Ces attitudes montrent qu’au-delà de la simple évolution linguistique, il y avait un agenda politique visant à maintenir les femmes en dehors des sphères de pouvoir et d’autorité. Ce phénomène est particulièrement visible dans l’élimination de termes féminins qui étaient autrefois couramment utilisés, comme « bouchère » ou « marchande », et dans la promotion du masculin comme genre « générique » et prédominant.

Viennot note également que jusqu’au 17e siècle, la langue française était moins standardisée, et l’accord de proximité était couramment pratiqué. Cela signifiait que l’adjectif pouvait s’accorder avec le nom le plus proche, ce qui offrait une flexibilité que la norme moderne ne permet plus. L’introduction du principe selon lequel le masculin l’emporte a marqué la fin de cette pratique, consolidant ainsi la supériorité perçue du masculin dans la langue.

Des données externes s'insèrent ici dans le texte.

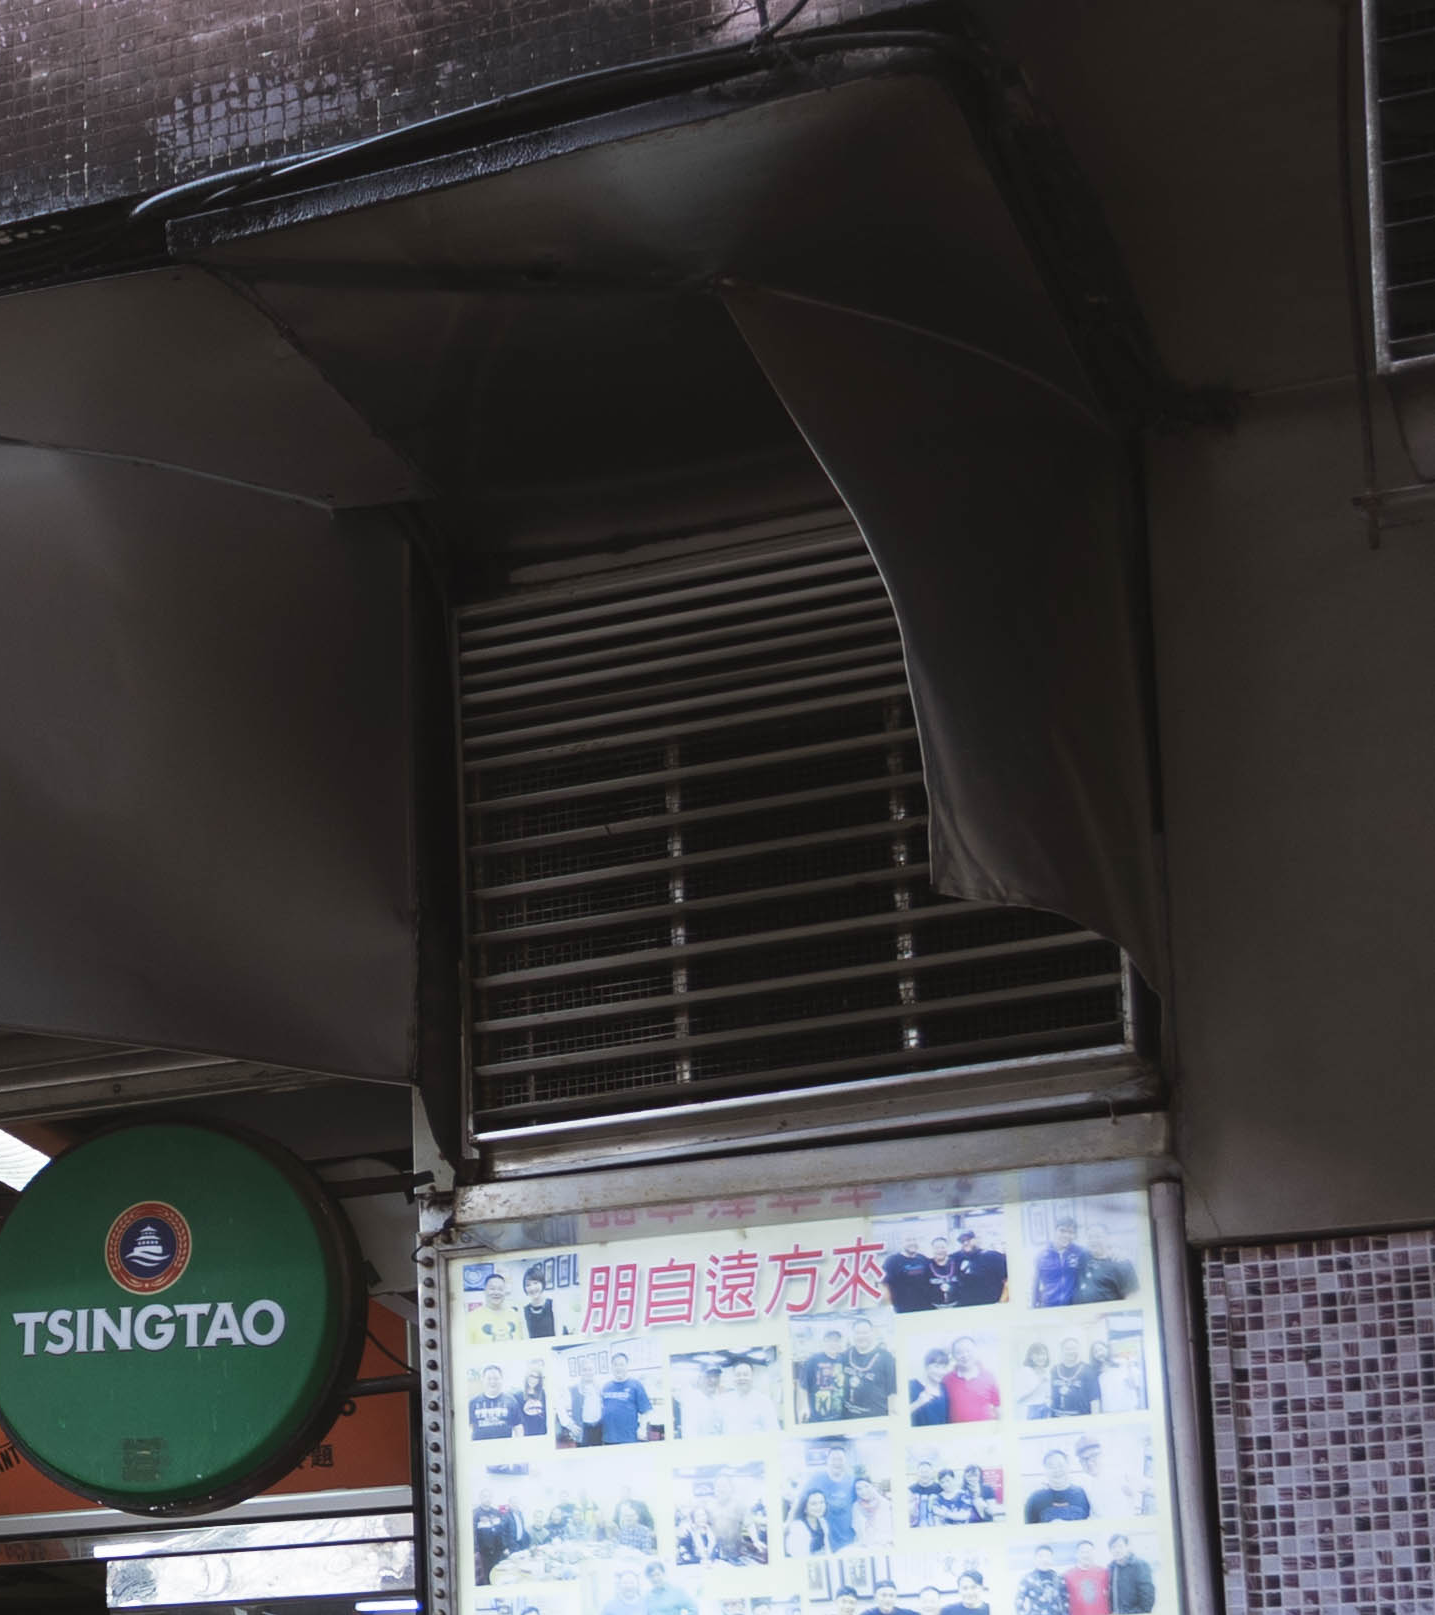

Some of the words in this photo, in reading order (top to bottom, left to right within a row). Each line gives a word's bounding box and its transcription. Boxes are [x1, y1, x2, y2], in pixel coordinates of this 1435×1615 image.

[581, 1237, 885, 1333] 朋自遠方來
[13, 1299, 286, 1357] TSINGTAO
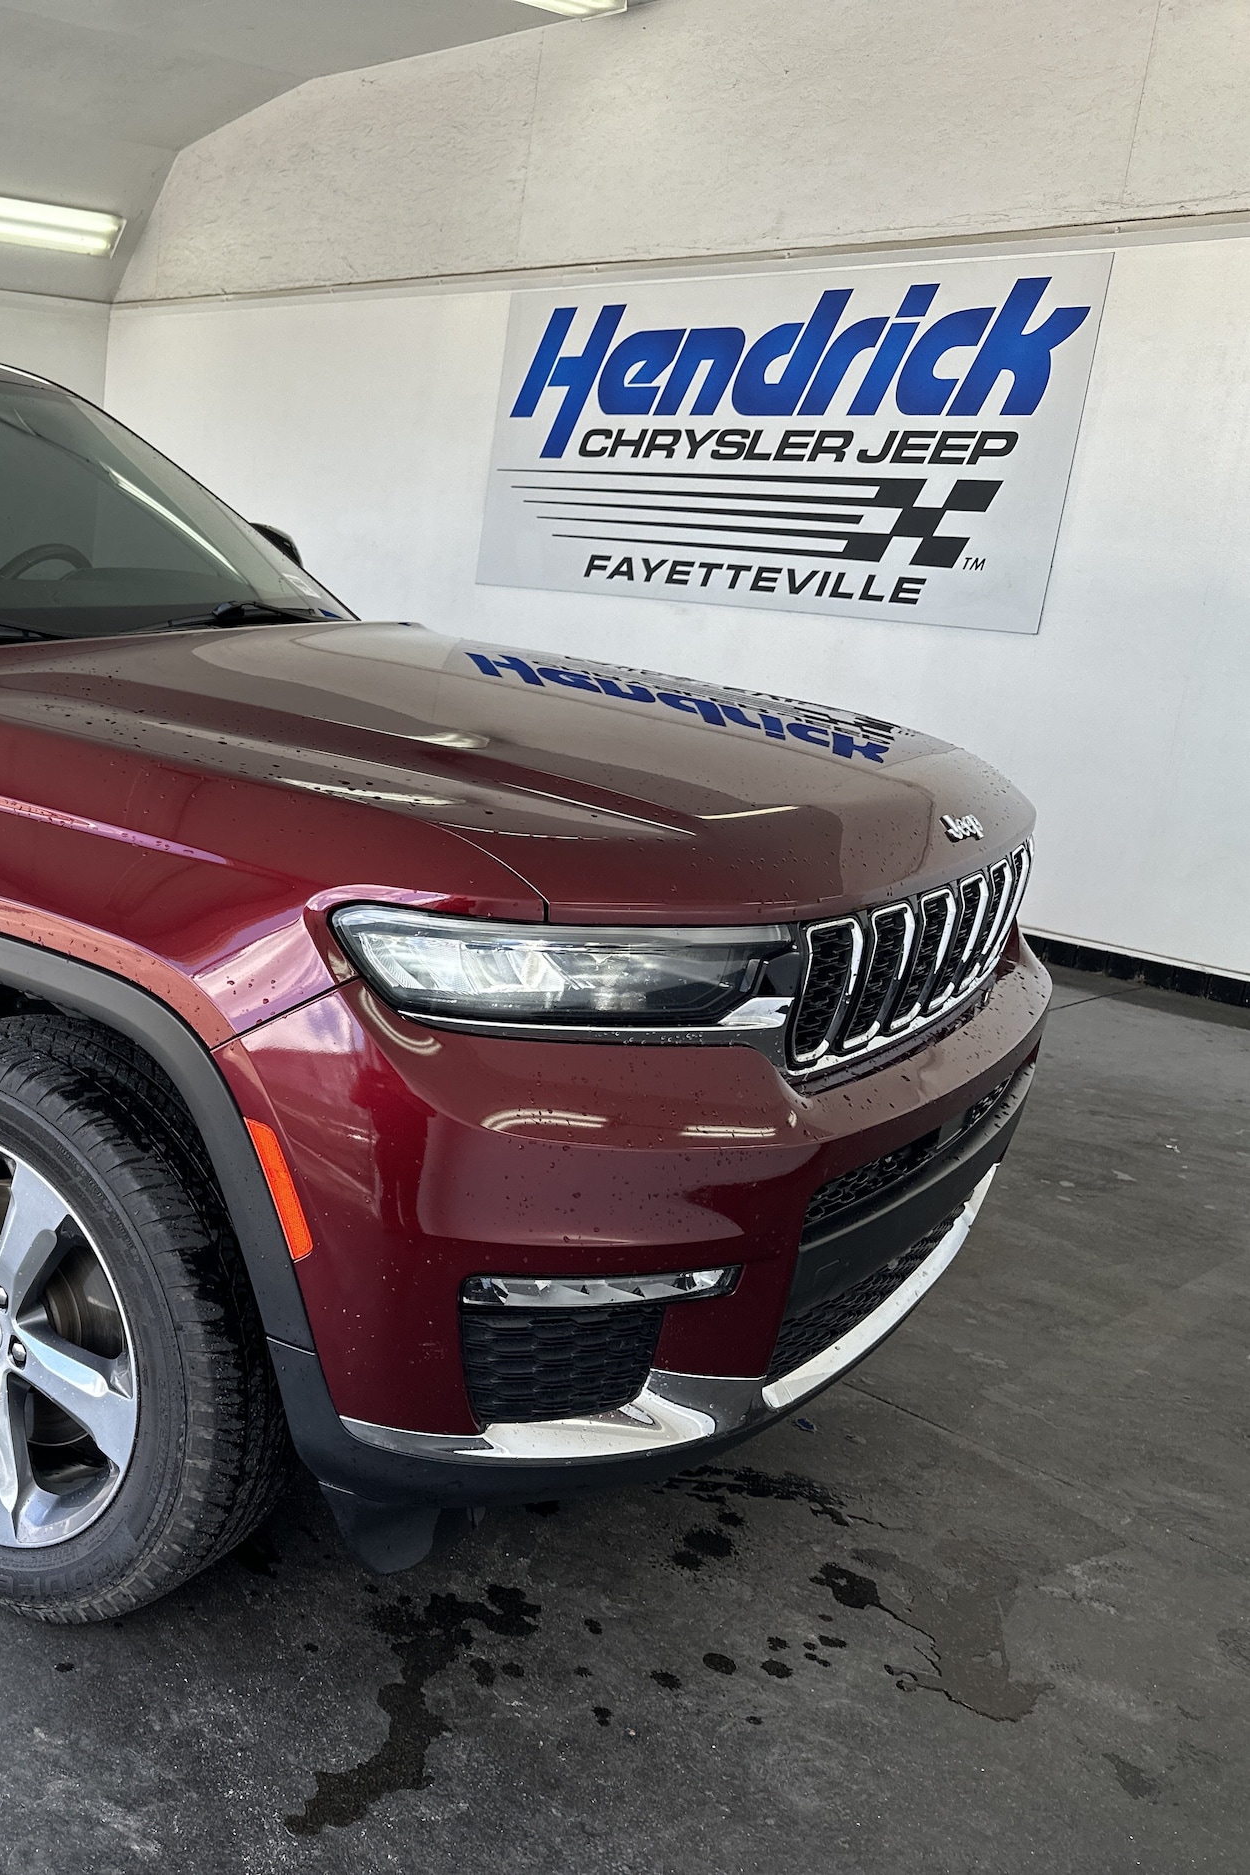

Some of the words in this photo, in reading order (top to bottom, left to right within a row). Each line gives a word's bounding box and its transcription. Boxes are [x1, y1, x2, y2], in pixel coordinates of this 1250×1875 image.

Aujourd’hui, le masculin générique est souvent justifié par des arguments qui prétendent qu’il est plus « naturel » ou « clair », tandis que la féminisation est décrite comme étant « alourdie » ou « excluante ». Cette présentation occulte les véritables dynamiques historiques et sociales qui ont façonné la langue. Les critiques de ce masculin générique, en revanche, mettent en lumière la richesse et la diversité de la langue française en tant qu’expression des identités et des rôles sociaux, et appellent à une reconnaissance et une légitimation des formes féminisées qui existent et ont existé.

Ainsi, la langue française, loin d’être une entité figée, est le reflet des luttes sociales et politiques qui ont marqué son histoire. La prise de conscience de cette dynamique historique est essentielle pour comprendre les débats contemporains sur la langue et pour promouvoir une approche plus inclusive qui reconnaît et valorise toutes les formes de langage, reflétant ainsi les multiples facettes de la société moderne.